J'écris souvent au passé me remémorant ces instants, mais Perle est toujours bien vivante bien que bien calme à présent à bientôt 14
ans et avec les douleurs qui vont avec. Elle dort beaucoup, comme en ce moment à mes pieds, faisant entendre de longs soupirs de satisfaction et laissant monter à moi son
agréable et douce identité de senteur canine qui la caractérise.

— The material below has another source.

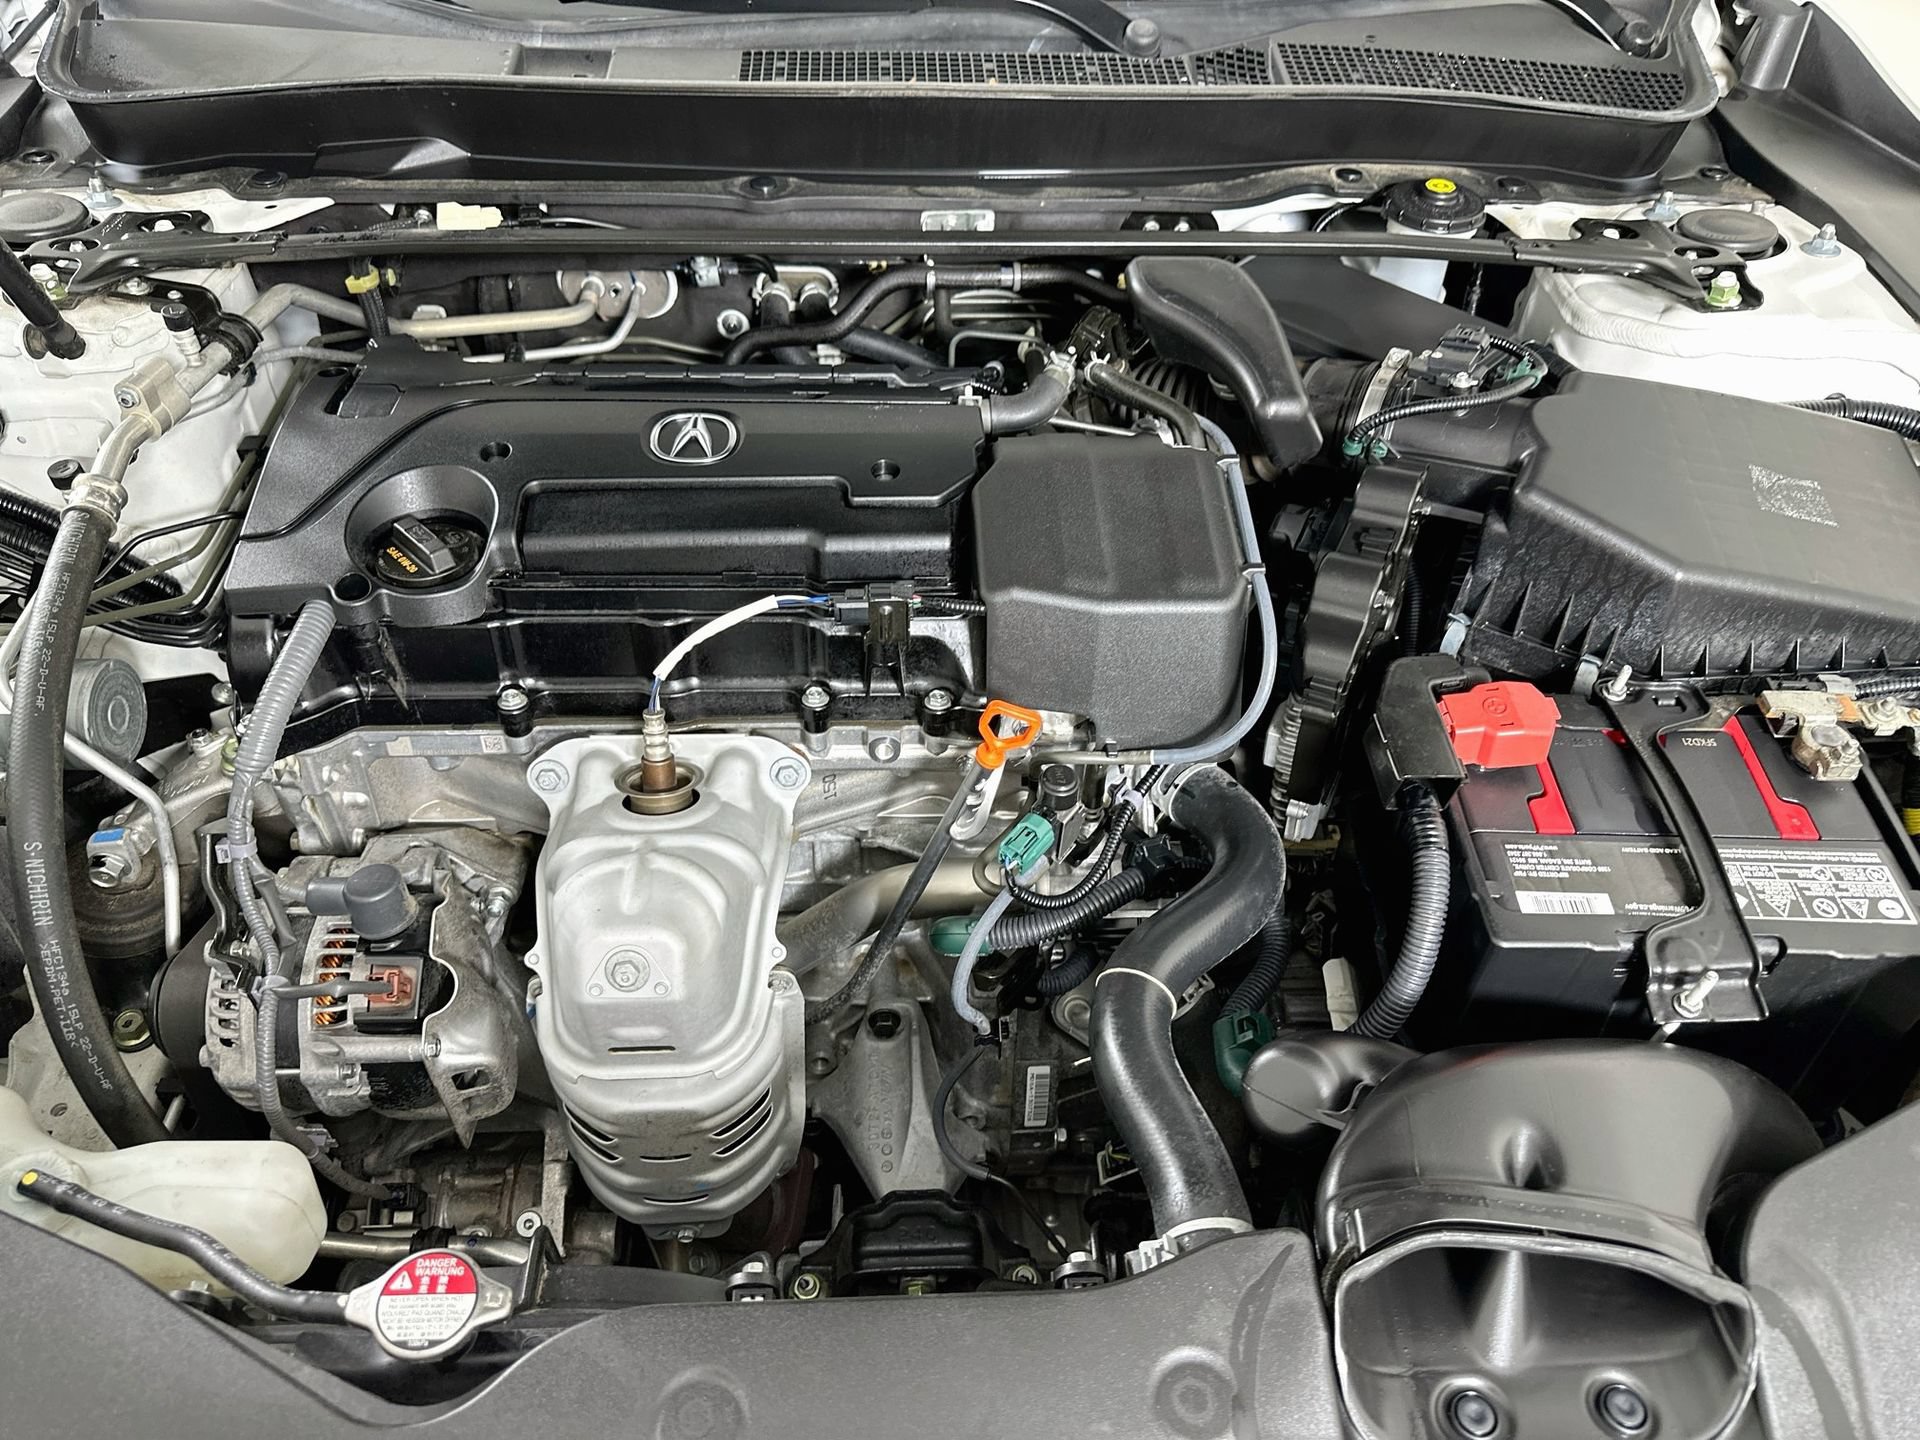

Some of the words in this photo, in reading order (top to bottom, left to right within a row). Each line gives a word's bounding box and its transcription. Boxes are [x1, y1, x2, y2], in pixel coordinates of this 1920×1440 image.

Elle sait se montrer encore bien vive une fois l'échauffement de départ pratiqué. Elle ne va plus au troupeau, mais je lui réserve
tout de même quelques instants moutonniers parfois pour son mental. Il n'y aurait rien de plus triste pour elle que de considérer que c'est fini à jamais car elle en meurt toujours
d'envie... Mais comme elle se tuerait au travail et qu'elle entend moins bien, je veille à gérer son plaisir et son
avenir.
Touchante Ma Perle quand, lors des promenades, elle vous appelle, immobilisée patte en l'air, pour vous signaler une
fois de plus quelle a marché sur une épine et qu'il faut venir la lui retirer...
Il y aurait tout un livre à écrire sur Ma Perle. Que de partage, de moments forts, insolites, merveilleux et
inoubliables forcément en 14 ans.
J'espère encore pour elle, et pour moi avec elle, un futur printemps, un futur été, un futur.... et pourquoi pas de nombreux autres
printemps.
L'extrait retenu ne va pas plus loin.